Thomas Gortemoller filed a lawsuit against International Furniture Marketing, Inc. and Standard Furniture Manufacturing Company, Inc. under the Age Discrimination in Employ-ment Act (ADEA). Gortemoller had worked in the furniture companies’ product design process. His responsibilities included:
- Conducting research to identify new products;
- Creating specifications and working with designers on products;
- Selecting designs produced by designers;
- Developing and merchandising products;
- Traveling overseas to inspect products; and
- Traveling to markets to sell products and evaluate the competition.
After firing Gortemoller, the companies streamlined their product design process through the use of a web-based computer program called Design Net, which allowed salespeople and designers to communicate directly with each other. The new program also allowed customers to provide feedback directly to the salespeople and designers. Todd Evans, who had worked for the companies for eight years, was assigned to oversee the new streamlined process.
Gortemoller argued that he was the victim of discrimination because he had been replaced by Evans, who was younger. A federal judge in Alabama granted summary judgment in favor of the companies and Gortemoller appealed this ruling to the Eleventh Circuit Court of Appeals.
The Eleventh Circuit rejected Gortemoller’s age discrimination clam, concluding that he was not replaced by a younger individual. In arriving at this conclusion, the court first noted that to establish a prima facie case of illegal bias Gortemoller must show:
- He was a member of the protected age group;
- He was subjected to an adverse employment action;
- He was qualified to do the job; and
- He was replaced by or lost his position to a younger individual.
The only disputed issue was whether Gortemoller was replaced by a younger employee.
The Eleventh Circuit found that the companies replaced their “top-down process,” in which Gortemoller was an intermediary between salespeople, customers, and designers, with a decentralized process in which the three parties communicated with each other directly. The new system allowed salespeople, customers and designers to make decisions together about what and how products were made.
According to the court, Evans oversees this process but does not perform Gortemoller’s former duties, which no one does under the new system. The only duty that Evans performs that “arguably resembles a duty Gortemoller used to perform,” the court found, is traveling oversees to inspect products. However, Evans performed this duty before Gortemoller was fired. The court further noted that traveling “is not a duty for which Evans became responsible after Gortemoller was terminated.”
In light of this evidence, the Eleventh Circuit concluded that Evans did not replace Gortemoller and that, after his termination, his responsibilities were satisfied by Design Net.
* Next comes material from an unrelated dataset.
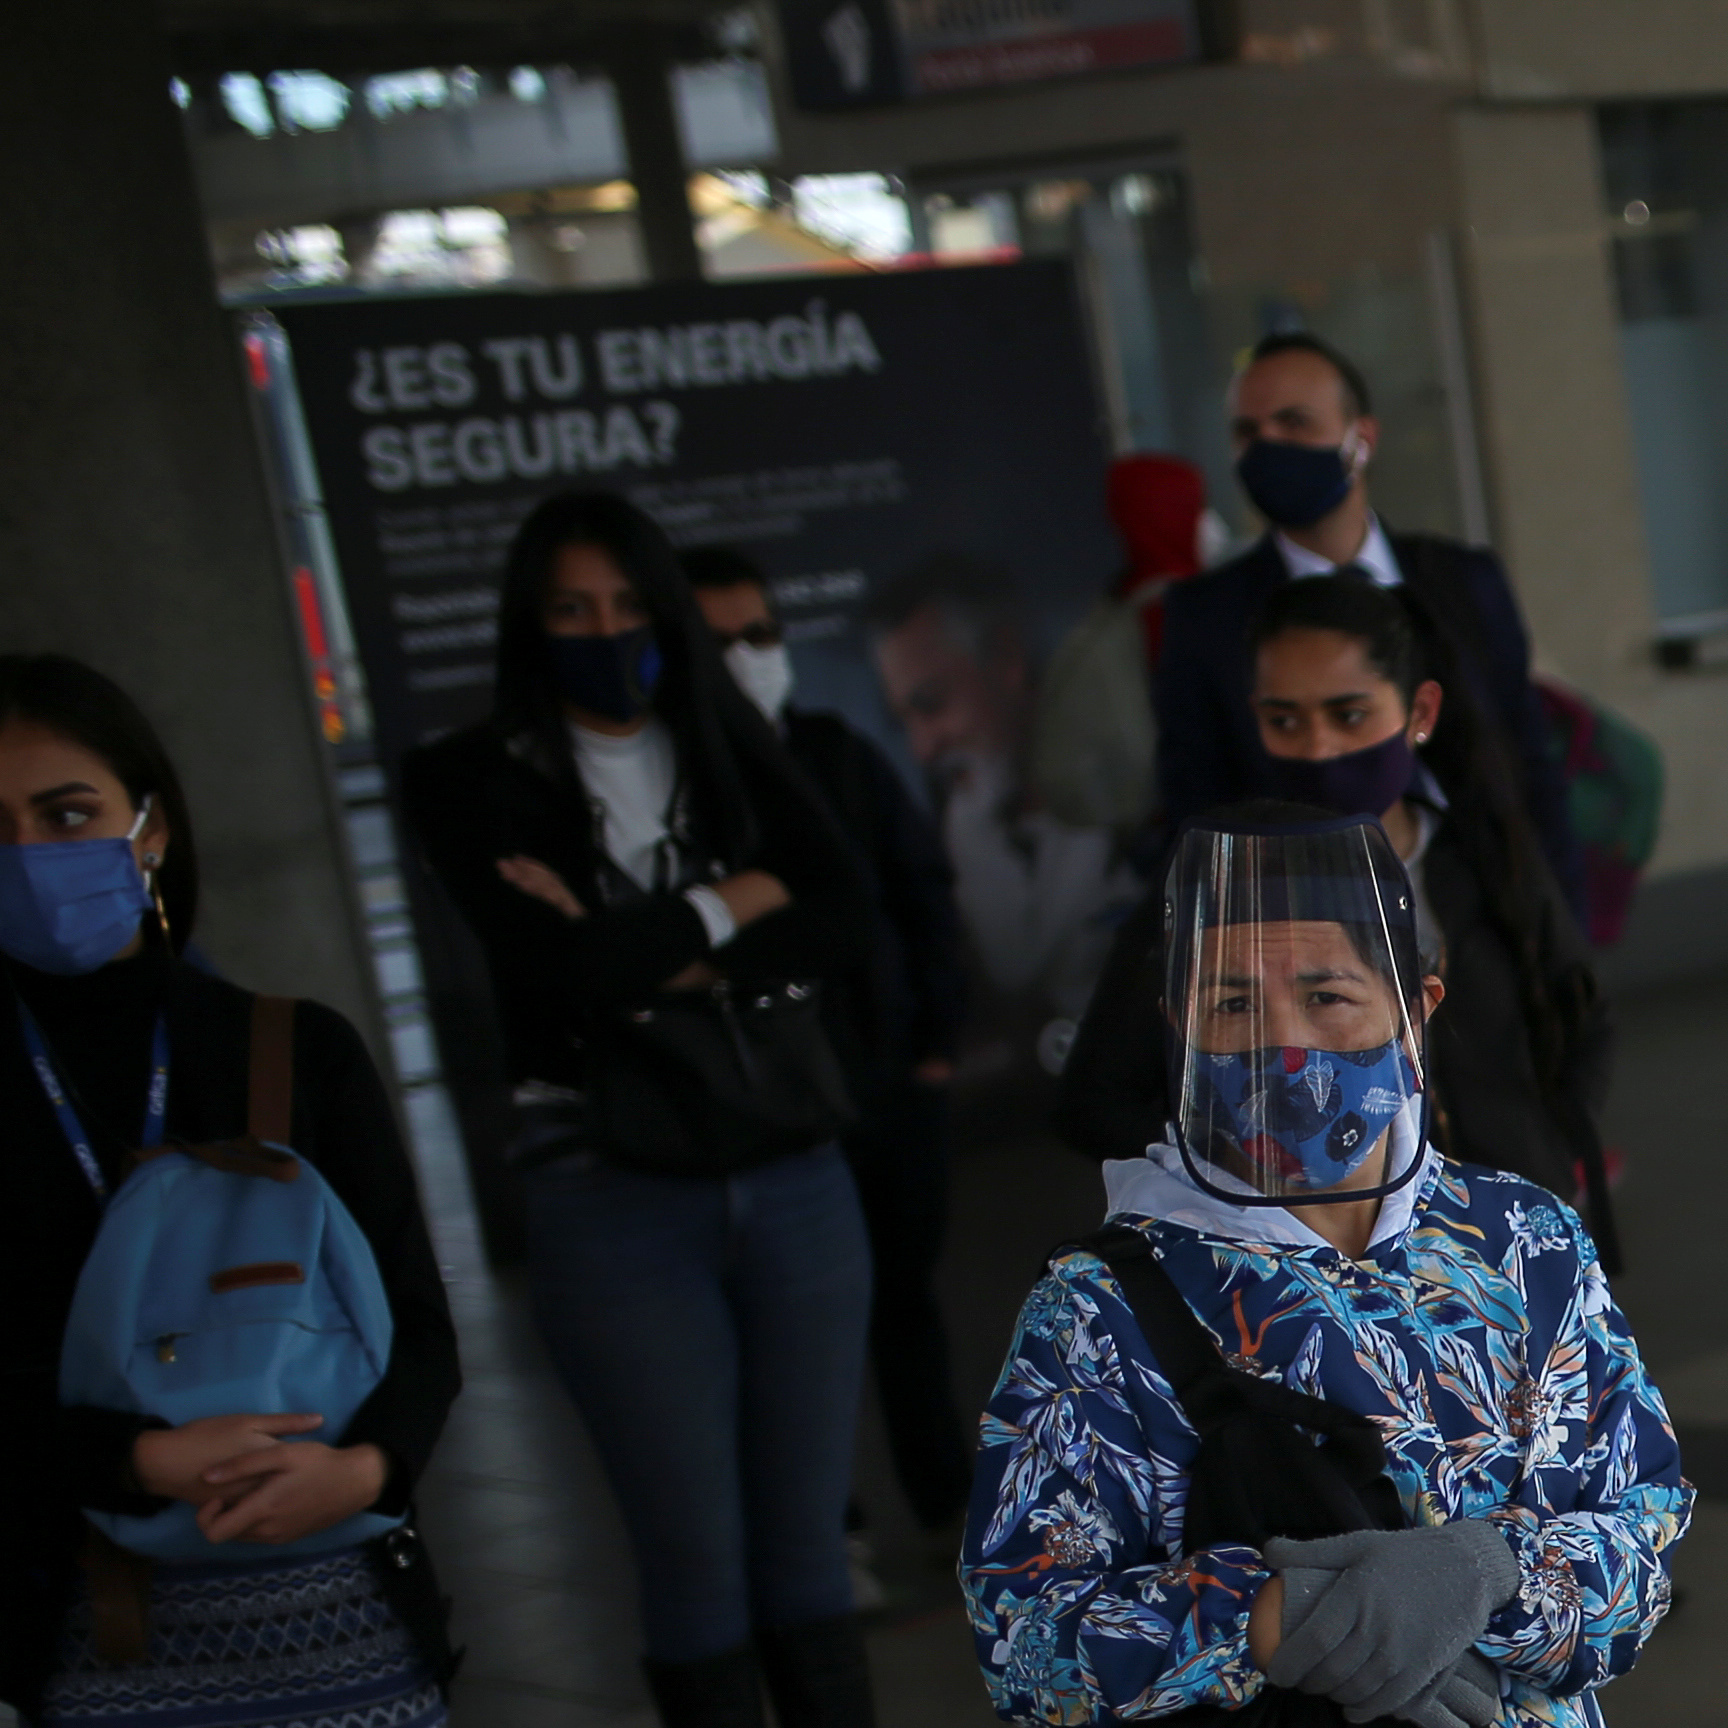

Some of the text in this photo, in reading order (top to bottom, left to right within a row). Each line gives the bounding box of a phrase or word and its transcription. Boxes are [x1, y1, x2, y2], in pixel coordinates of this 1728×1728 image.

[350, 300, 881, 413] ¿ES TU ENERGÍA
[361, 401, 683, 492] SEGURA?
Thus, the court affirmed the trial judge’s decision to dismiss Gortemoller’s age discrimination claim.
According to Richard Carrigan, a shareholder in Ogletree Deakins’ Birmingham office: “The court properly recognized the importance of changes in the work process, as a result of technology, to evaluate an age discrimination claim based on alleged replacement by a younger individual. Performance of a single duty by a younger employee was not sufficient to create a prima facie case of age discrimination, where the plaintiff had no direct evidence of discrimination and did not timely raise a `reduction in force’ theory.”
Note: This article was published in the July/August 2011 issue of The Employment Law Authority.